### What to produce
Could you restate all of the records exactly, leaving out the pictures?

### Material to process
▬▬▬

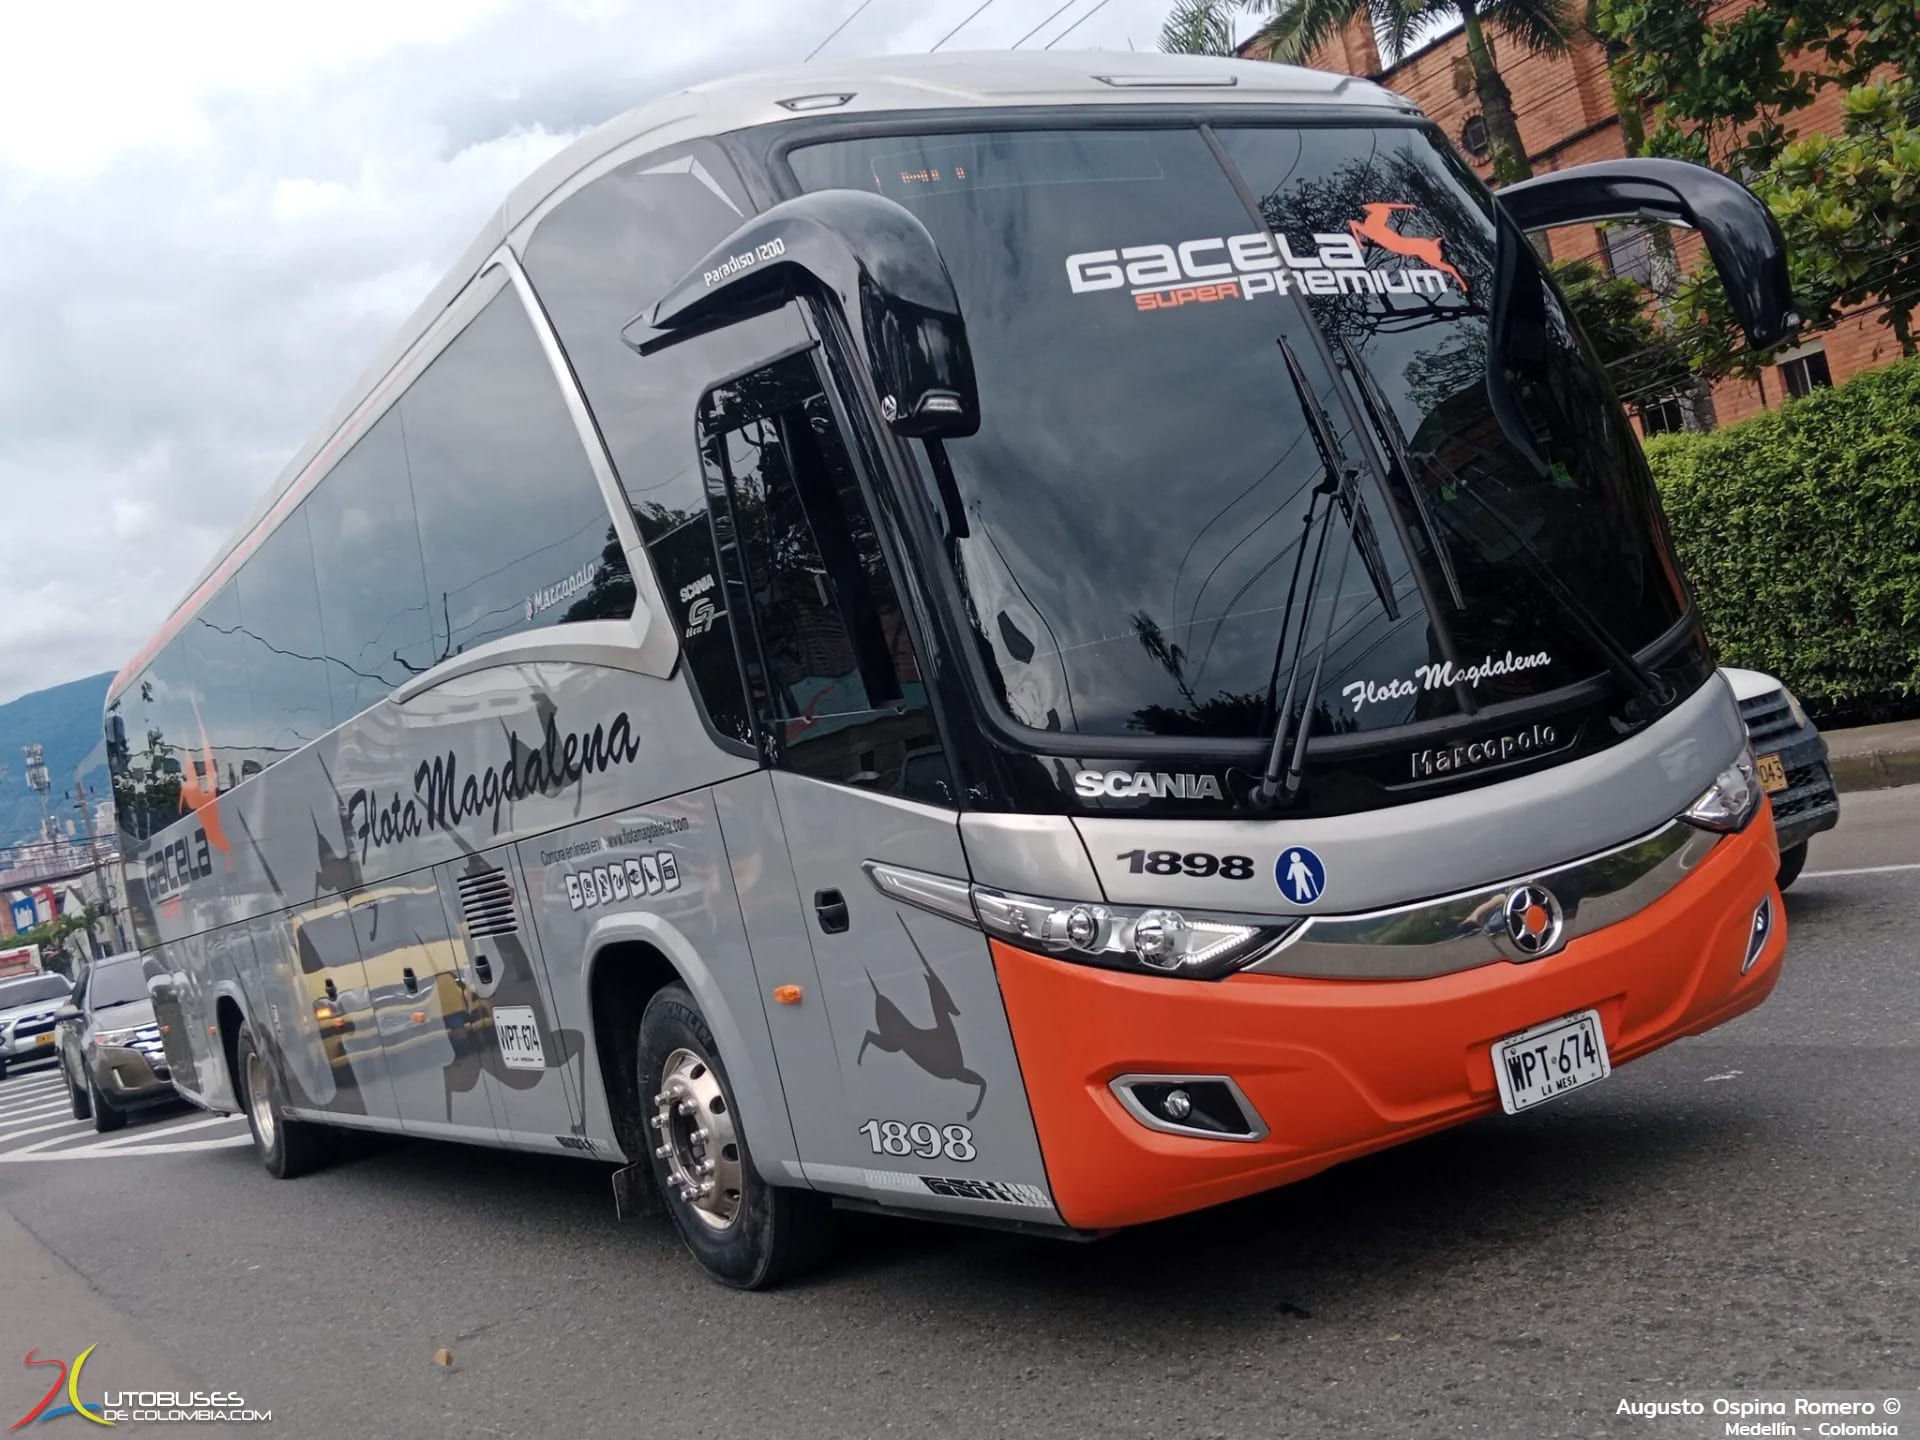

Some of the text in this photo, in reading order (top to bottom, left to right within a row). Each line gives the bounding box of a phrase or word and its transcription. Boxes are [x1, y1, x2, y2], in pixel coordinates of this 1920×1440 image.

[704, 238, 786, 287] Paradiso 1200
[1136, 268, 1448, 312] SUPER PREMIUM
[534, 563, 595, 613] Marcopolo
[679, 573, 716, 603] SCANIA
[1342, 650, 1552, 713] Flota Magdalena
[1411, 724, 1556, 779] Marcopolo
[350, 712, 640, 865] Flota Magdalena
[1074, 770, 1224, 800] SCANIA
[1116, 849, 1255, 881] 1898
[1541, 1075, 1578, 1096] LA MESA
[858, 1118, 978, 1163] 1898
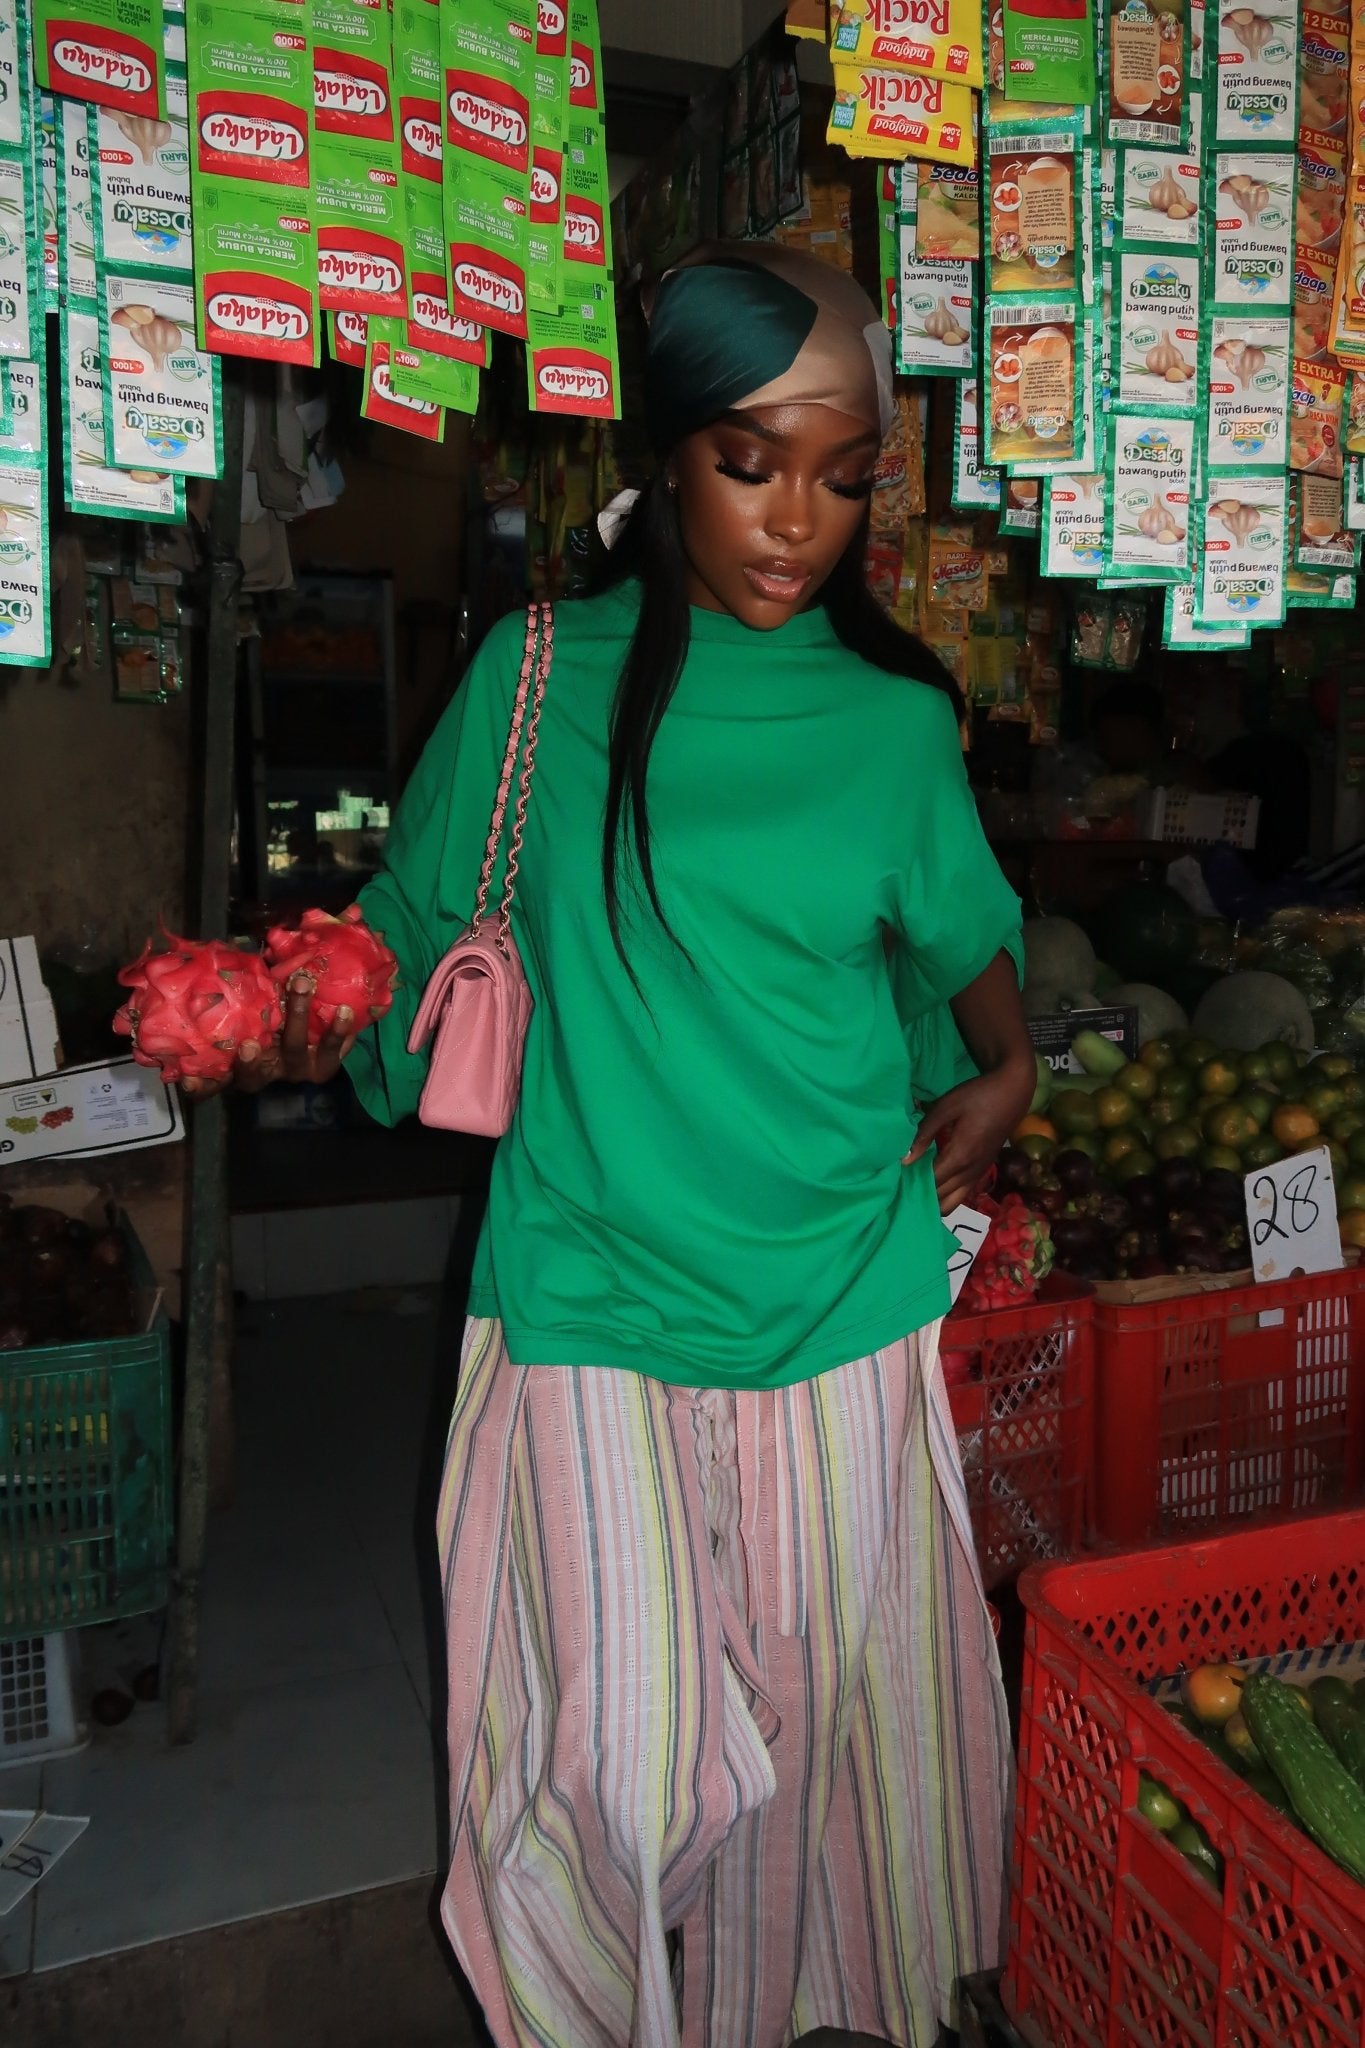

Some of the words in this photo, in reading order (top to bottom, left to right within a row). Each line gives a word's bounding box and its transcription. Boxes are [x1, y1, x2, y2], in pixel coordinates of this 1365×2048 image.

[116, 0, 151, 14] MURNI
[117, 8, 151, 23] MERICA
[863, 0, 950, 35] Racik
[1119, 10, 1153, 25] Desaku
[117, 17, 141, 28] 100%
[333, 23, 369, 36] MERICA
[458, 28, 477, 41] Murni
[1021, 34, 1051, 43] MERICA
[1053, 36, 1079, 45] BUBUK
[456, 38, 487, 55] BUBUK
[878, 41, 929, 61] Indofood
[211, 48, 234, 60] Murni
[236, 52, 264, 64] Merica
[949, 48, 969, 59] 2.000
[62, 47, 145, 87] Ladaku
[210, 58, 248, 73] BUBUK
[266, 57, 288, 66] 100%
[489, 52, 520, 69] MERICA
[953, 58, 962, 66] Rp
[250, 65, 291, 79] MERICA
[1223, 78, 1251, 89] putih
[1253, 76, 1292, 90] bawang
[859, 73, 943, 114] Racik
[1227, 92, 1287, 115] Desaku
[457, 97, 522, 142] Ladaku
[875, 117, 923, 138] Indofood
[941, 126, 960, 137] 2.000
[210, 119, 297, 155] Ladaku
[946, 135, 954, 143] Rp
[161, 152, 188, 162] BARU
[572, 168, 598, 178] MURNI
[573, 175, 598, 184] MERICA
[107, 175, 130, 185] bubuk
[107, 182, 144, 195] putih
[147, 185, 190, 205] awang
[351, 201, 386, 215] MERICA
[115, 200, 190, 232] Desaku
[458, 214, 485, 230] BUBUK
[217, 229, 240, 238] Murni
[243, 232, 270, 243] Merica
[486, 226, 515, 242] MERICA
[217, 240, 254, 253] BUBUK
[272, 238, 293, 248] 100%
[1221, 243, 1248, 254] putih
[1250, 242, 1287, 255] bawang
[256, 246, 296, 261] MERICA
[1028, 244, 1065, 256] Desaku
[1225, 256, 1282, 278] Desaku
[904, 272, 943, 282] bawang
[944, 273, 968, 282] putih
[460, 269, 520, 311] Ladaku
[1130, 278, 1190, 300] Desaku
[1126, 303, 1167, 314] bawang
[1168, 304, 1195, 315] putih
[217, 299, 302, 335] Ladaku
[582, 323, 607, 333] MURNI
[583, 330, 607, 339] MERICA
[171, 359, 196, 369] BARU
[1300, 363, 1334, 380] EXTRA
[118, 383, 141, 392] bubuk
[545, 369, 604, 394] Ladaku
[118, 391, 155, 404] putih
[157, 393, 209, 414] bawang
[1214, 406, 1242, 416] putih
[1244, 405, 1283, 416] bawang
[126, 408, 198, 439] Desaku
[1219, 420, 1278, 439] Desaku
[1124, 443, 1182, 464] Desaku
[1118, 466, 1159, 477] bawang
[1161, 469, 1186, 479] putih
[1055, 515, 1082, 525] putih
[1059, 529, 1104, 549] esaku
[1209, 564, 1237, 573] putih
[1239, 563, 1279, 574] bawang
[1214, 577, 1273, 595] Desaku
[1253, 1164, 1320, 1246] 28

▬▬▬

### Your solution
Some of the text in this photo, in reading order (top to bottom, left to right within a row). Each line gives the bounding box of a phrase or word and its transcription. Boxes are [x1, y1, x2, y2], in pixel coordinates of this 1920×1440 image.

[704, 238, 786, 287] Paradiso 1200
[1136, 268, 1448, 312] SUPER PREMIUM
[534, 563, 595, 613] Marcopolo
[679, 573, 716, 603] SCANIA
[1342, 650, 1552, 713] Flota Magdalena
[1411, 724, 1556, 779] Marcopolo
[350, 712, 640, 865] Flota Magdalena
[1074, 770, 1224, 800] SCANIA
[1116, 849, 1255, 881] 1898
[1541, 1075, 1578, 1096] LA MESA
[858, 1118, 978, 1163] 1898

Some of the words in this photo, in reading order (top to bottom, left to right within a row). Each line gives a word's bounding box and its transcription. Boxes are [x1, y1, x2, y2], in pixel coordinates of this 1365×2048 image.

[116, 0, 151, 14] MURNI
[117, 8, 151, 23] MERICA
[863, 0, 950, 35] Racik
[1119, 10, 1153, 25] Desaku
[117, 17, 141, 28] 100%
[333, 23, 369, 36] MERICA
[458, 28, 477, 41] Murni
[1021, 34, 1051, 43] MERICA
[1053, 36, 1079, 45] BUBUK
[456, 38, 487, 55] BUBUK
[878, 41, 929, 61] Indofood
[211, 48, 234, 60] Murni
[236, 52, 264, 64] Merica
[949, 48, 969, 59] 2.000
[62, 47, 145, 87] Ladaku
[210, 58, 248, 73] BUBUK
[266, 57, 288, 66] 100%
[489, 52, 520, 69] MERICA
[953, 58, 962, 66] Rp
[250, 65, 291, 79] MERICA
[1223, 78, 1251, 89] putih
[1253, 76, 1292, 90] bawang
[859, 73, 943, 114] Racik
[1227, 92, 1287, 115] Desaku
[457, 97, 522, 142] Ladaku
[875, 117, 923, 138] Indofood
[941, 126, 960, 137] 2.000
[210, 119, 297, 155] Ladaku
[946, 135, 954, 143] Rp
[161, 152, 188, 162] BARU
[572, 168, 598, 178] MURNI
[573, 175, 598, 184] MERICA
[107, 175, 130, 185] bubuk
[107, 182, 144, 195] putih
[147, 185, 190, 205] awang
[351, 201, 386, 215] MERICA
[115, 200, 190, 232] Desaku
[458, 214, 485, 230] BUBUK
[217, 229, 240, 238] Murni
[243, 232, 270, 243] Merica
[486, 226, 515, 242] MERICA
[217, 240, 254, 253] BUBUK
[272, 238, 293, 248] 100%
[1221, 243, 1248, 254] putih
[1250, 242, 1287, 255] bawang
[256, 246, 296, 261] MERICA
[1028, 244, 1065, 256] Desaku
[1225, 256, 1282, 278] Desaku
[904, 272, 943, 282] bawang
[944, 273, 968, 282] putih
[460, 269, 520, 311] Ladaku
[1130, 278, 1190, 300] Desaku
[1126, 303, 1167, 314] bawang
[1168, 304, 1195, 315] putih
[217, 299, 302, 335] Ladaku
[582, 323, 607, 333] MURNI
[583, 330, 607, 339] MERICA
[171, 359, 196, 369] BARU
[1300, 363, 1334, 380] EXTRA
[118, 383, 141, 392] bubuk
[545, 369, 604, 394] Ladaku
[118, 391, 155, 404] putih
[157, 393, 209, 414] bawang
[1214, 406, 1242, 416] putih
[1244, 405, 1283, 416] bawang
[126, 408, 198, 439] Desaku
[1219, 420, 1278, 439] Desaku
[1124, 443, 1182, 464] Desaku
[1118, 466, 1159, 477] bawang
[1161, 469, 1186, 479] putih
[1055, 515, 1082, 525] putih
[1059, 529, 1104, 549] esaku
[1209, 564, 1237, 573] putih
[1239, 563, 1279, 574] bawang
[1214, 577, 1273, 595] Desaku
[1253, 1164, 1320, 1246] 28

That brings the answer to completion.